▸ Entries taken from a collection:
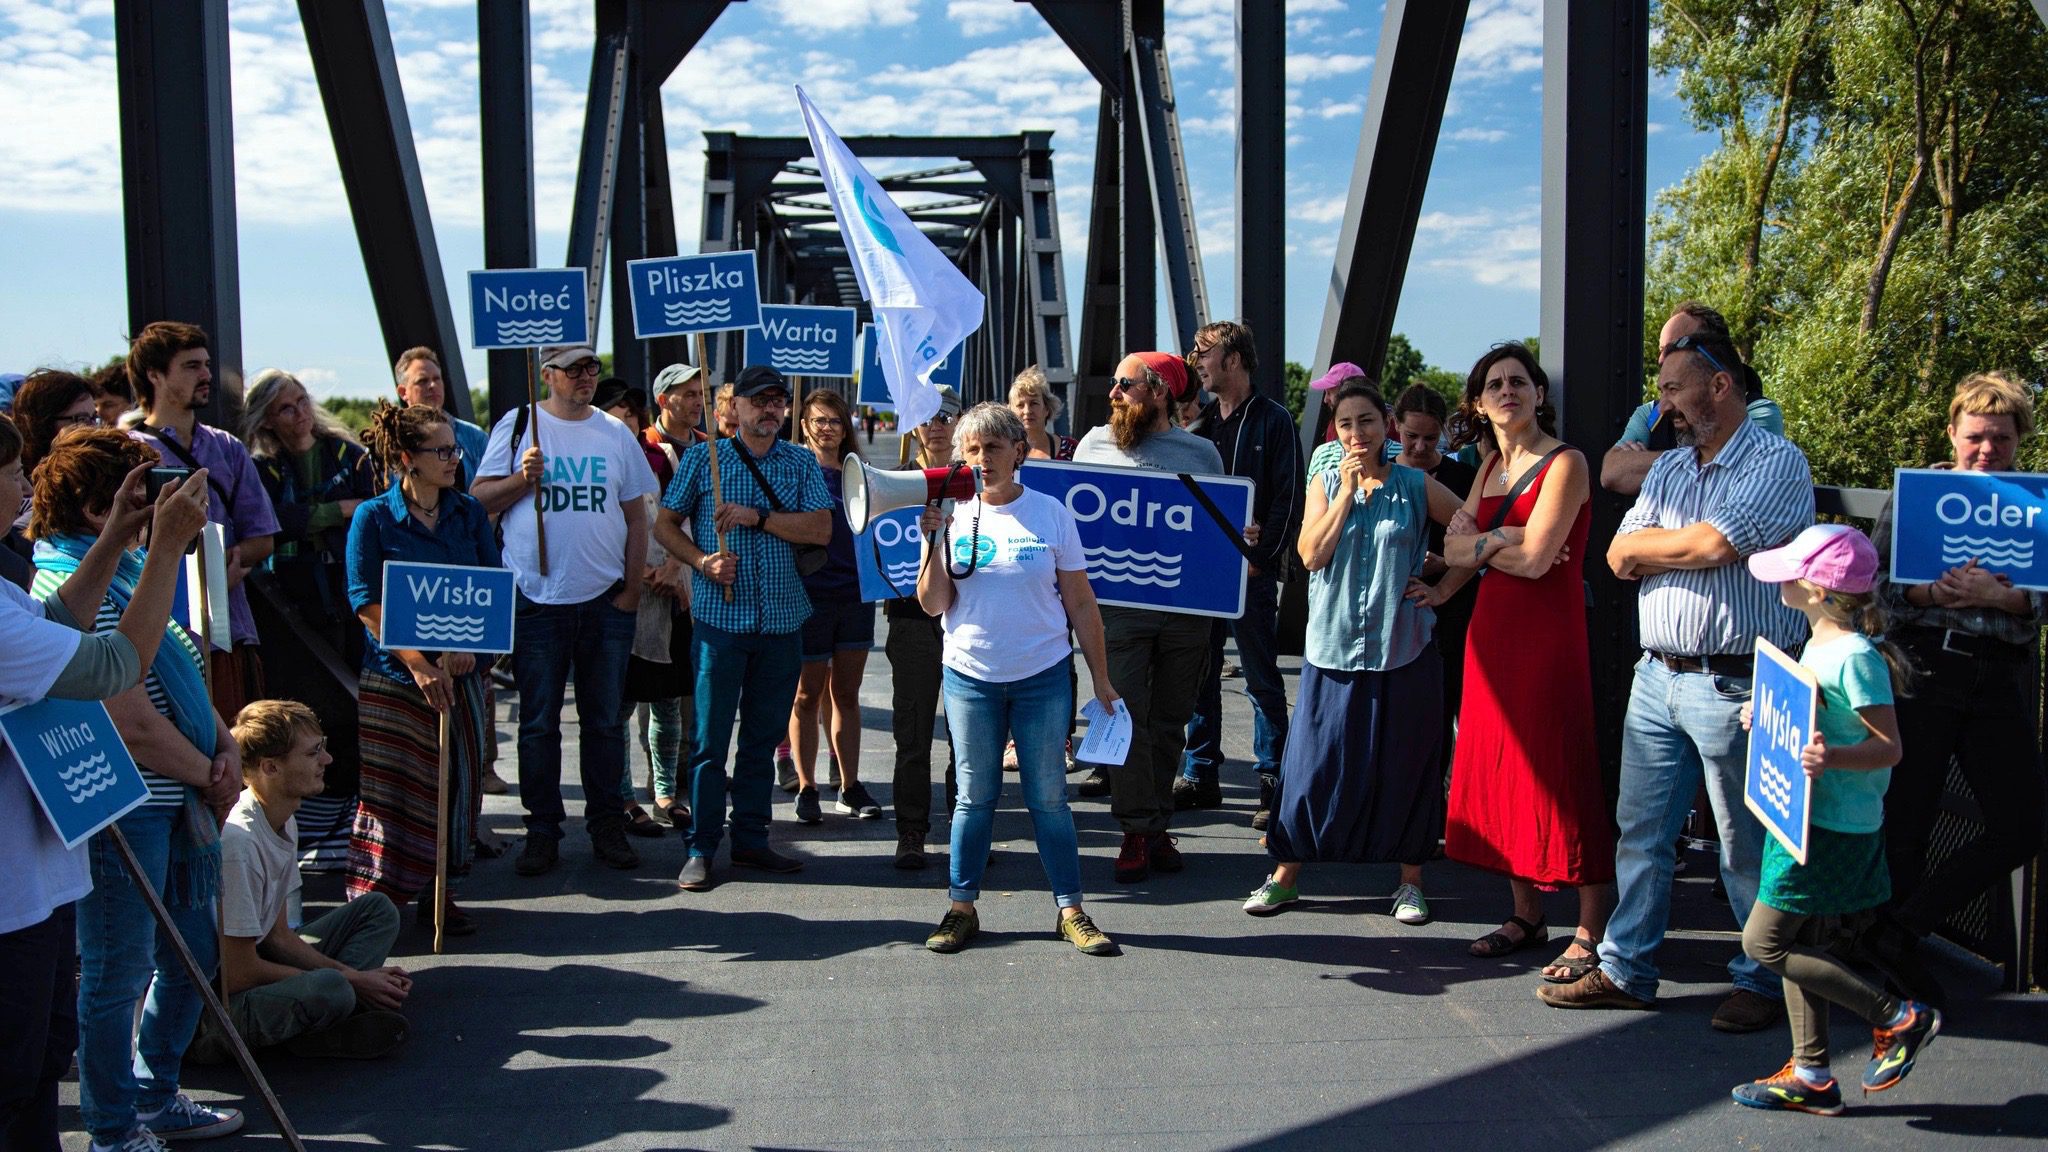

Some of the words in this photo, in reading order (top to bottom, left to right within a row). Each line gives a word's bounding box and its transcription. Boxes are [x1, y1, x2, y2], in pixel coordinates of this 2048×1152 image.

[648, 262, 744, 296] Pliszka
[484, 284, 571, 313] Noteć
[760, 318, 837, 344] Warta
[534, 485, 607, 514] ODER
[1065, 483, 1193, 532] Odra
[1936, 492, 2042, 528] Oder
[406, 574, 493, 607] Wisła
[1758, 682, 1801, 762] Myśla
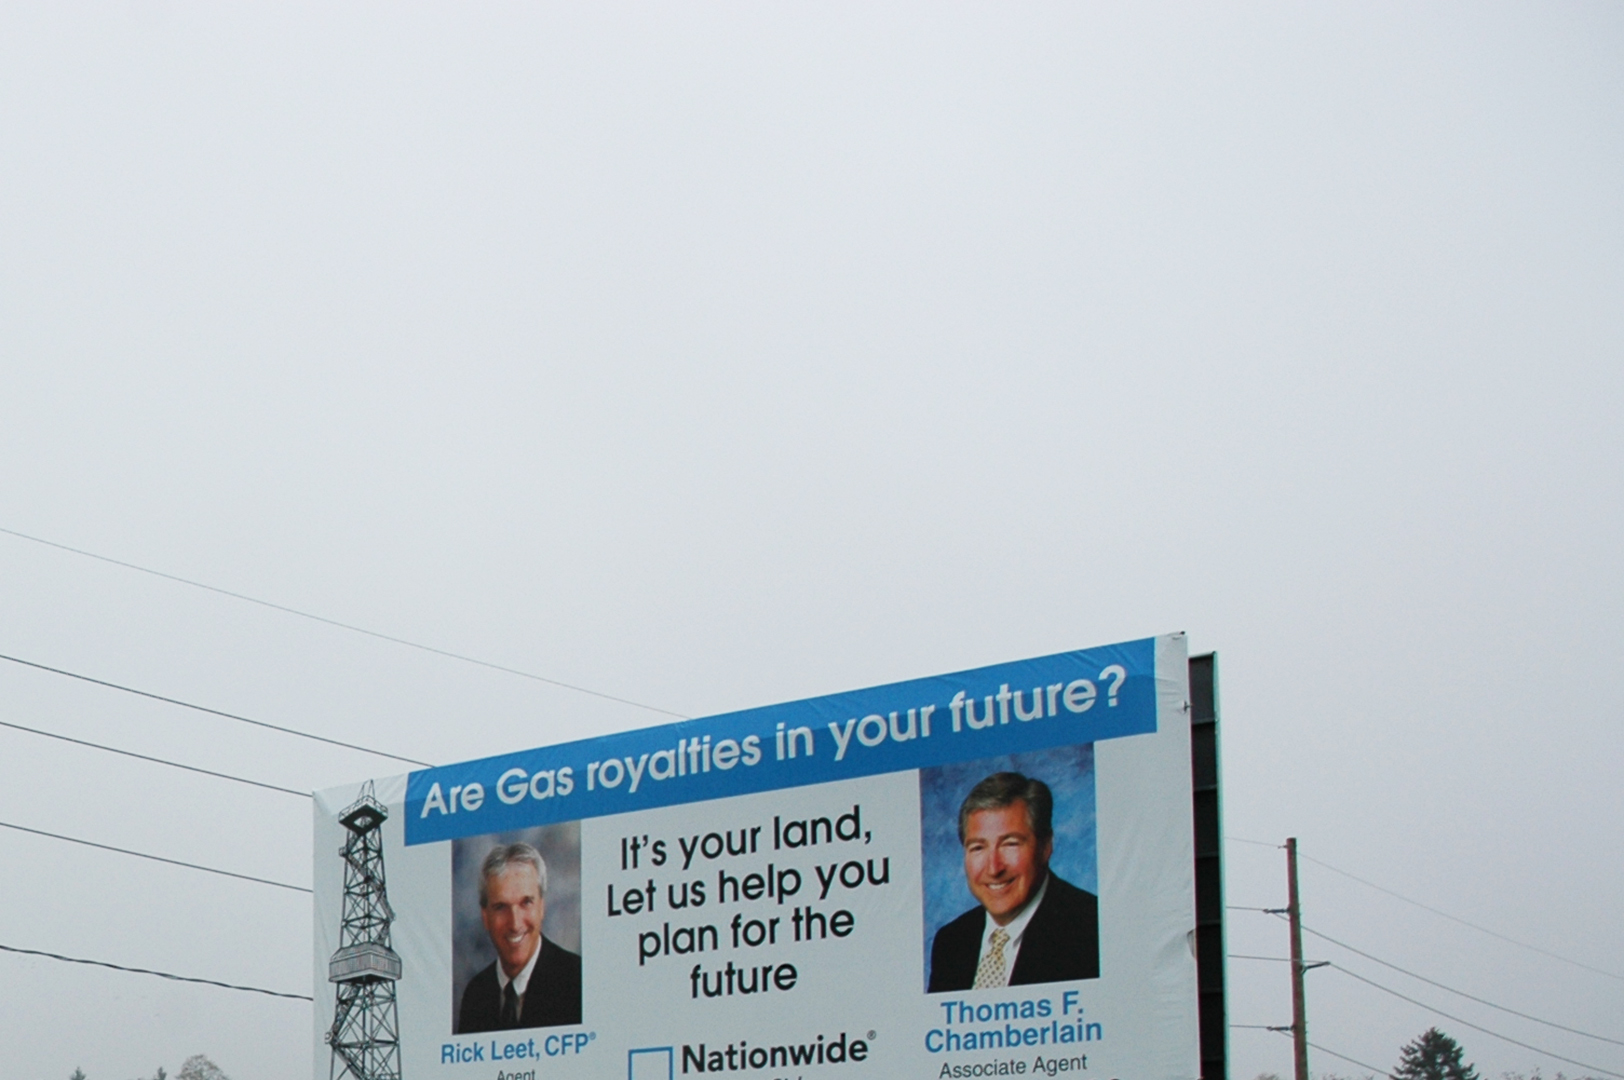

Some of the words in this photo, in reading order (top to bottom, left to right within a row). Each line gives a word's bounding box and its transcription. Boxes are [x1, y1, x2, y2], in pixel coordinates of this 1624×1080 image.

▸ WORK TO COMPLETE: Could you write out all the records exactly, without the pictures?

▸ RESULT OF THE TASK:
Some of the words in this photo, in reading order (top to bottom, left to right within a row). Each line gives a word's bounding box and its transcription. Boxes are [x1, y1, x2, y2], in pixel coordinates of this 2048×1152 image.

[648, 262, 744, 296] Pliszka
[484, 284, 571, 313] Noteć
[760, 318, 837, 344] Warta
[534, 485, 607, 514] ODER
[1065, 483, 1193, 532] Odra
[1936, 492, 2042, 528] Oder
[406, 574, 493, 607] Wisła
[1758, 682, 1801, 762] Myśla

Some of the words in this photo, in reading order (top to bottom, left to right within a row). Each line gives a word's bounding box and its transcription. Boxes are [x1, y1, x2, y2], in pixel coordinates of this 1624×1080 image.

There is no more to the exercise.